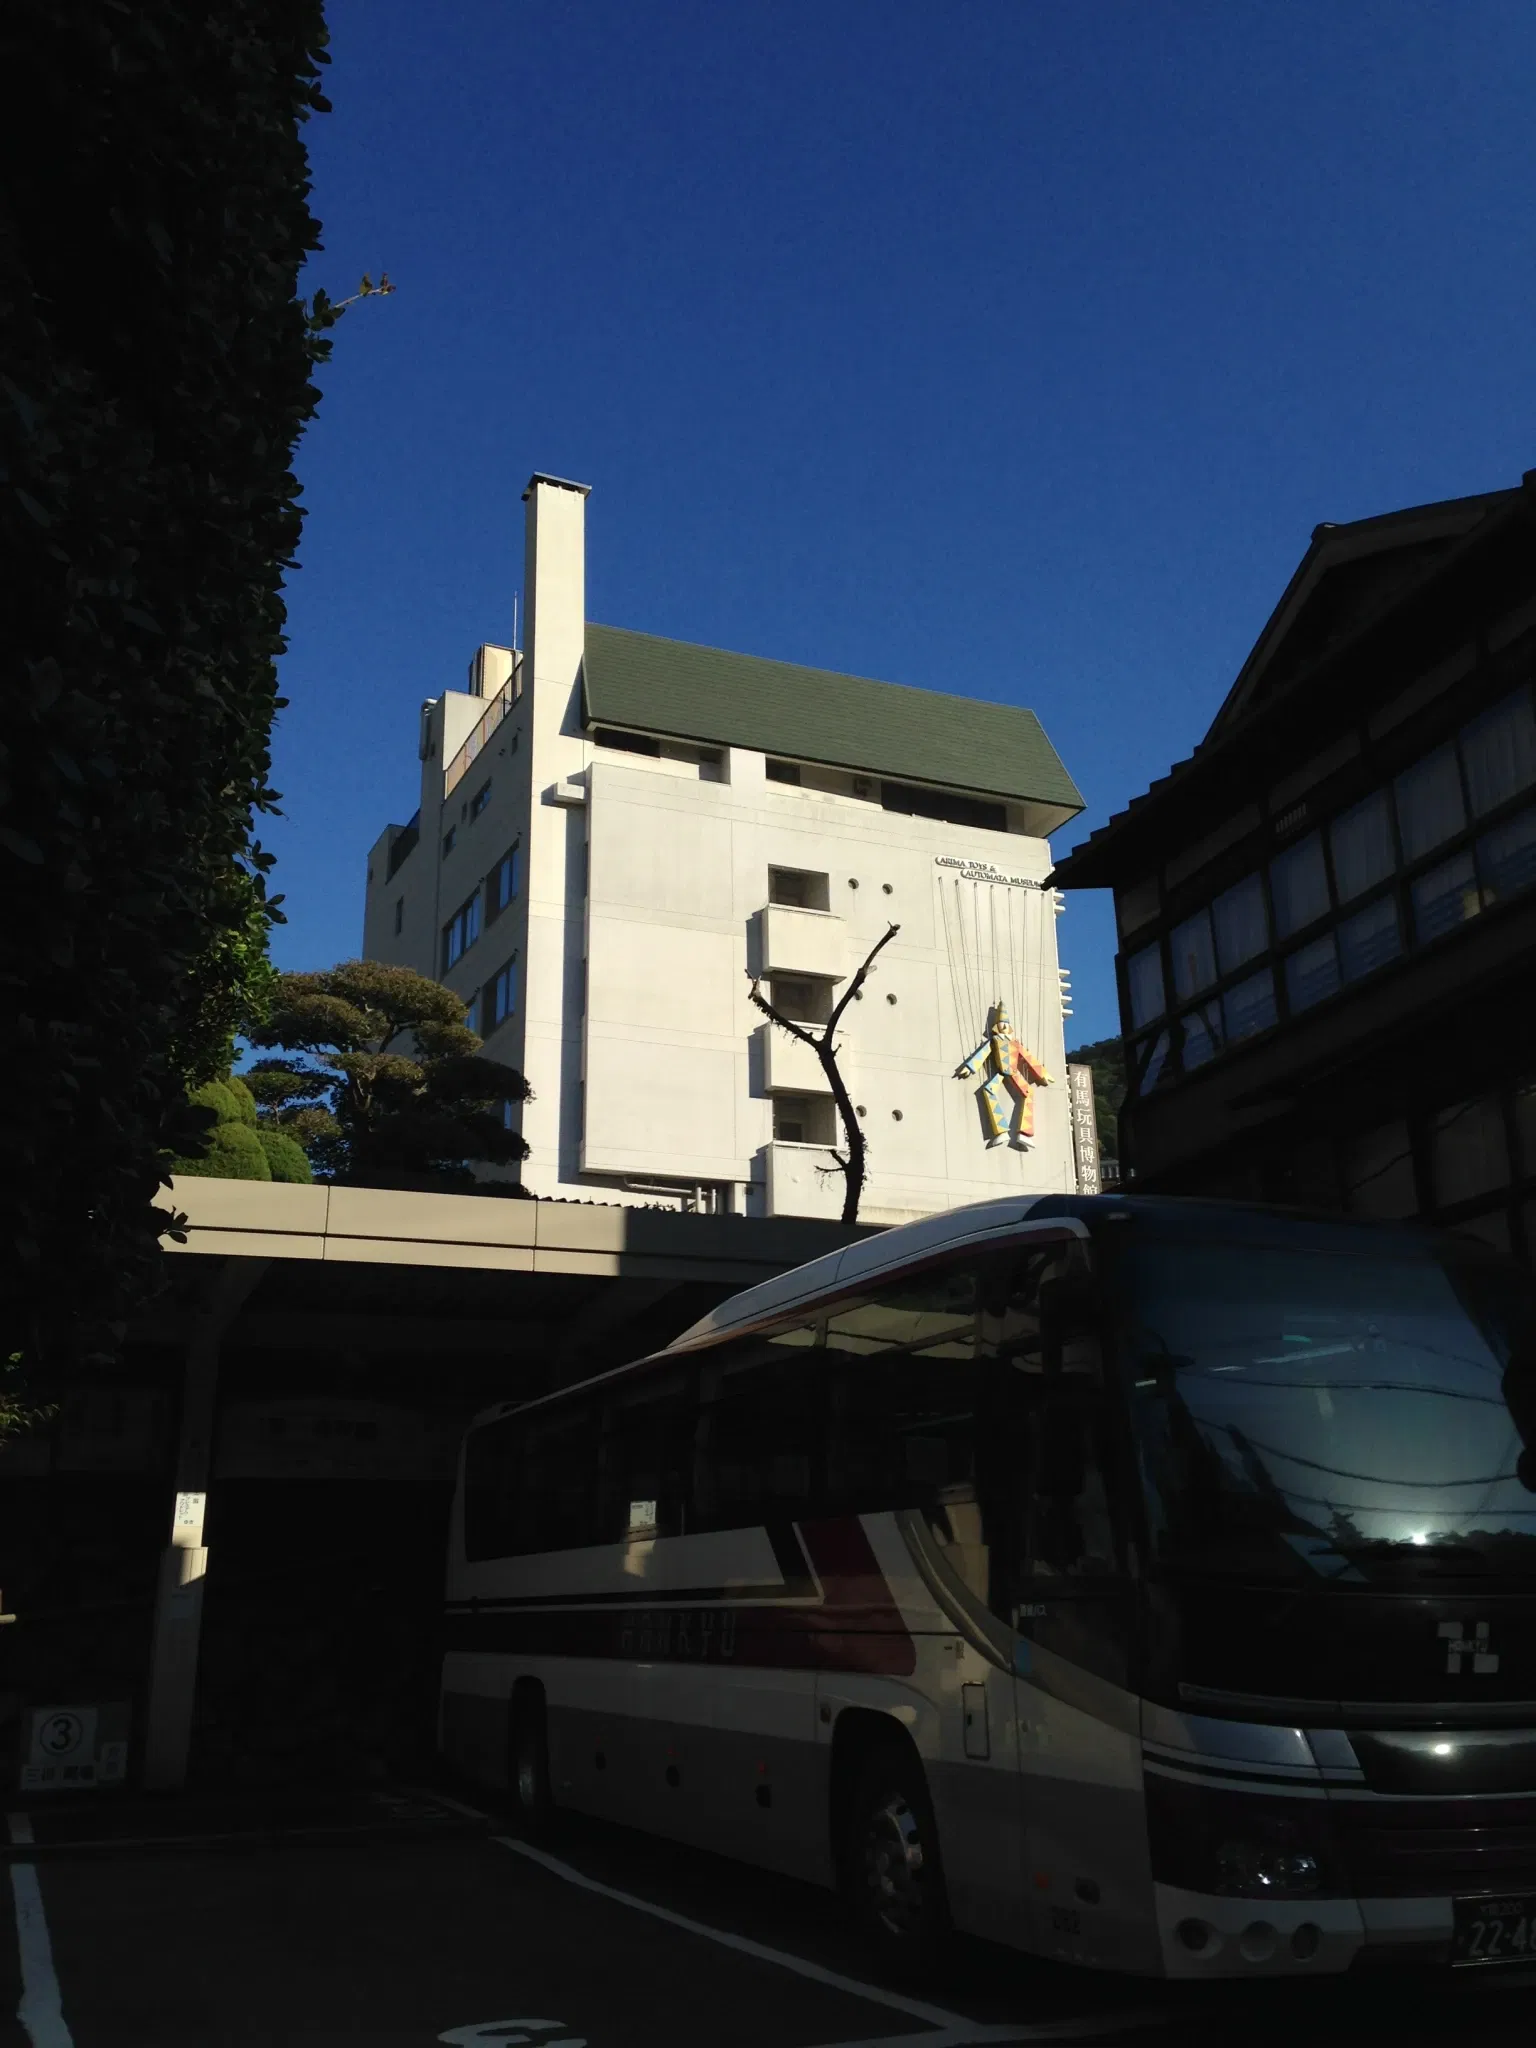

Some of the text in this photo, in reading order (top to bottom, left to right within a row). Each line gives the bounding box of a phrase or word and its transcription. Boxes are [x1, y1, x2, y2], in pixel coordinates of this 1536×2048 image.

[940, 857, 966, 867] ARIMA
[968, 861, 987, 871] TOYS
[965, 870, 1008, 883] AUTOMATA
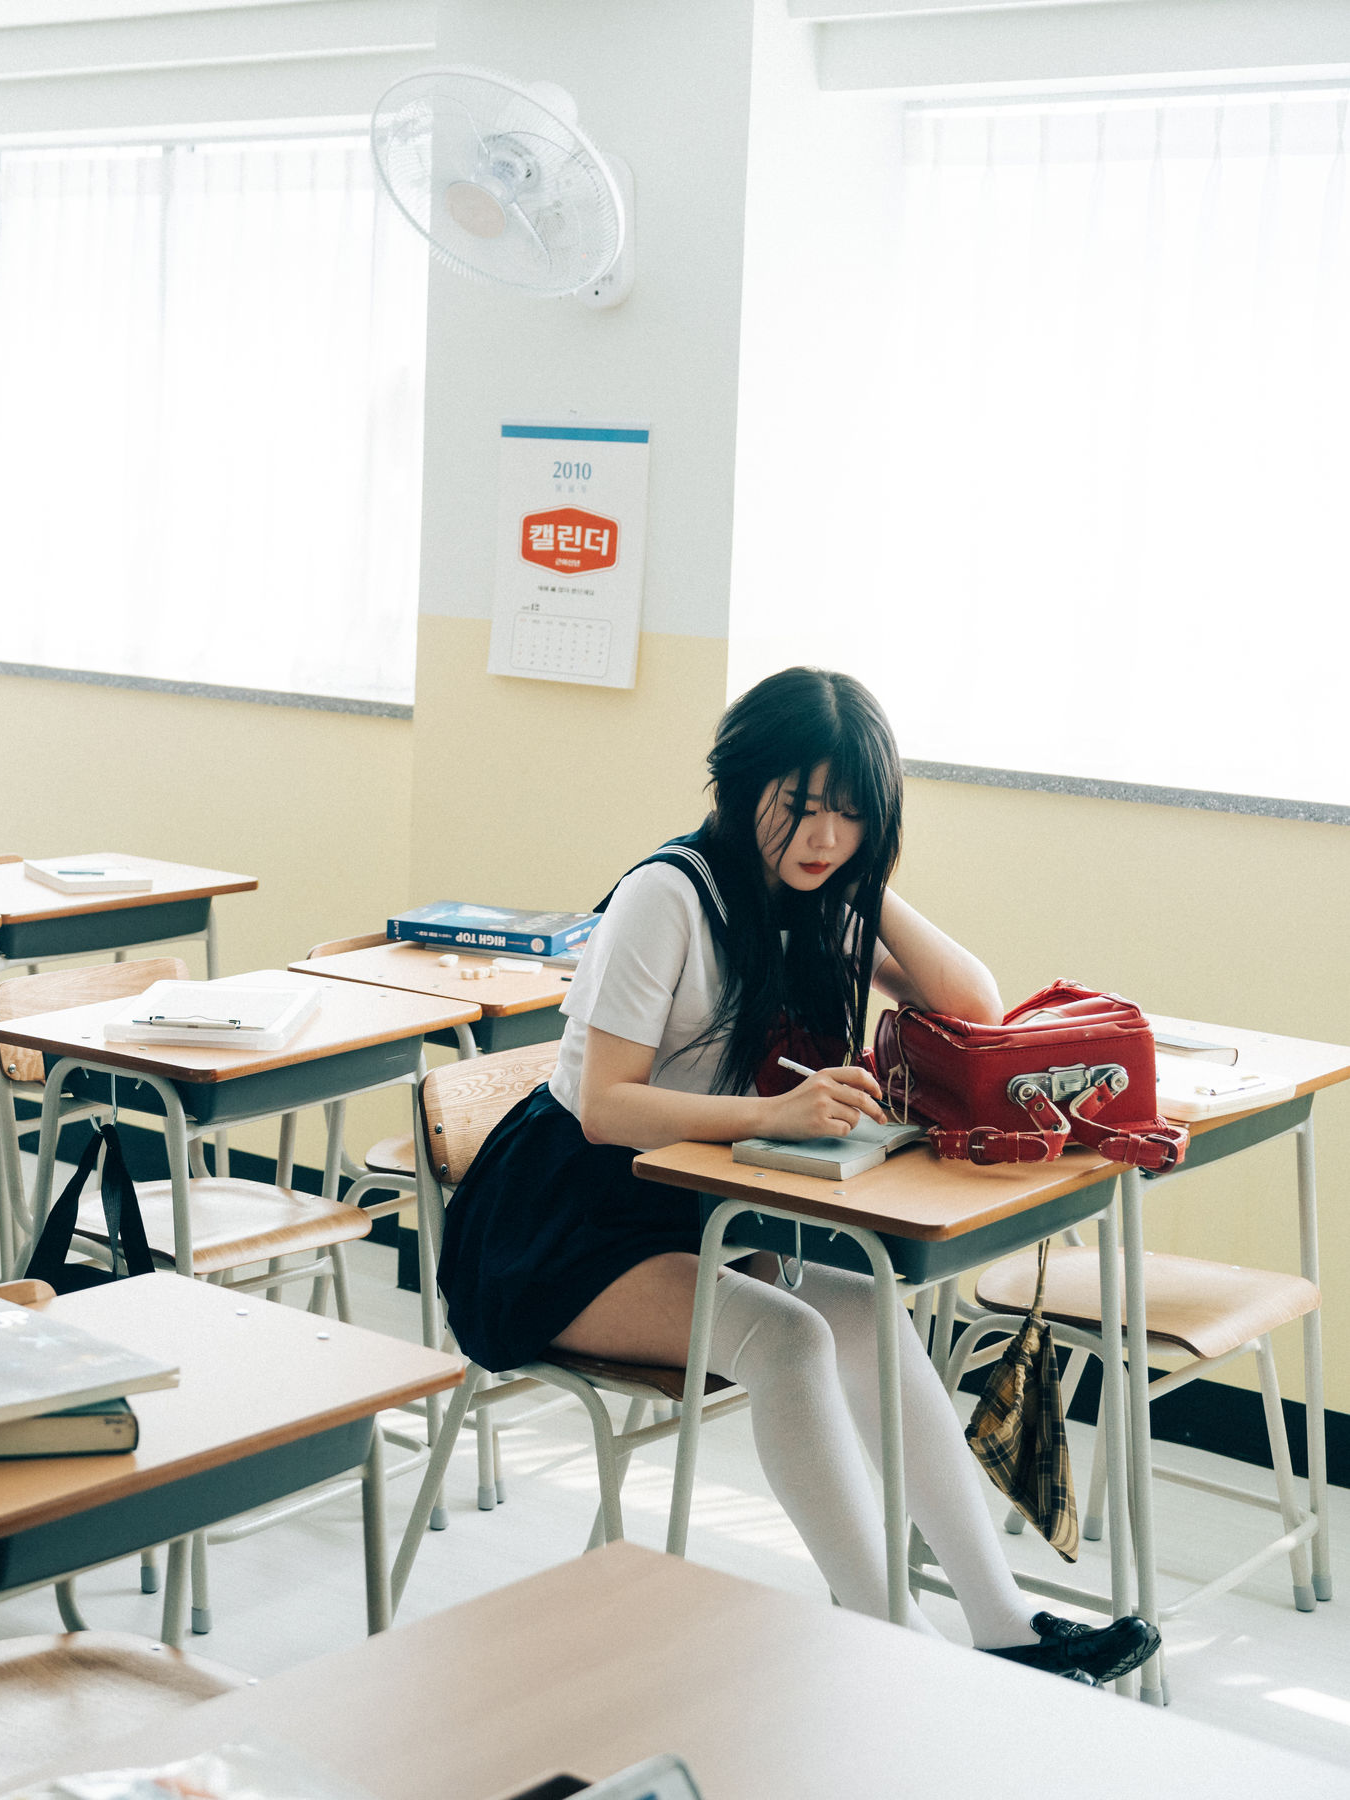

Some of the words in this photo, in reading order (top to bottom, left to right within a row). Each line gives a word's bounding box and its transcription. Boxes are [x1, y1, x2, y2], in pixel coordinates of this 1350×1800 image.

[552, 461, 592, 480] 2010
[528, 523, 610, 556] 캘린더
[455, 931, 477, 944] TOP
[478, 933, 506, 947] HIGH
------------------------------------
What is required
So that the copy stays exact, reproduce each record word for word and leave its images out.

Response for this exercise
Some of the text in this photo, in reading order (top to bottom, left to right within a row). Each line gives the bounding box of a phrase or word and its transcription. Boxes are [x1, y1, x2, y2], in pixel coordinates of this 1536×2048 image.

[940, 857, 966, 867] ARIMA
[968, 861, 987, 871] TOYS
[965, 870, 1008, 883] AUTOMATA

Some of the words in this photo, in reading order (top to bottom, left to right within a row). Each line gives a word's bounding box and its transcription. Boxes are [x1, y1, x2, y2], in pixel coordinates of this 1350×1800 image.

[552, 461, 592, 480] 2010
[528, 523, 610, 556] 캘린더
[455, 931, 477, 944] TOP
[478, 933, 506, 947] HIGH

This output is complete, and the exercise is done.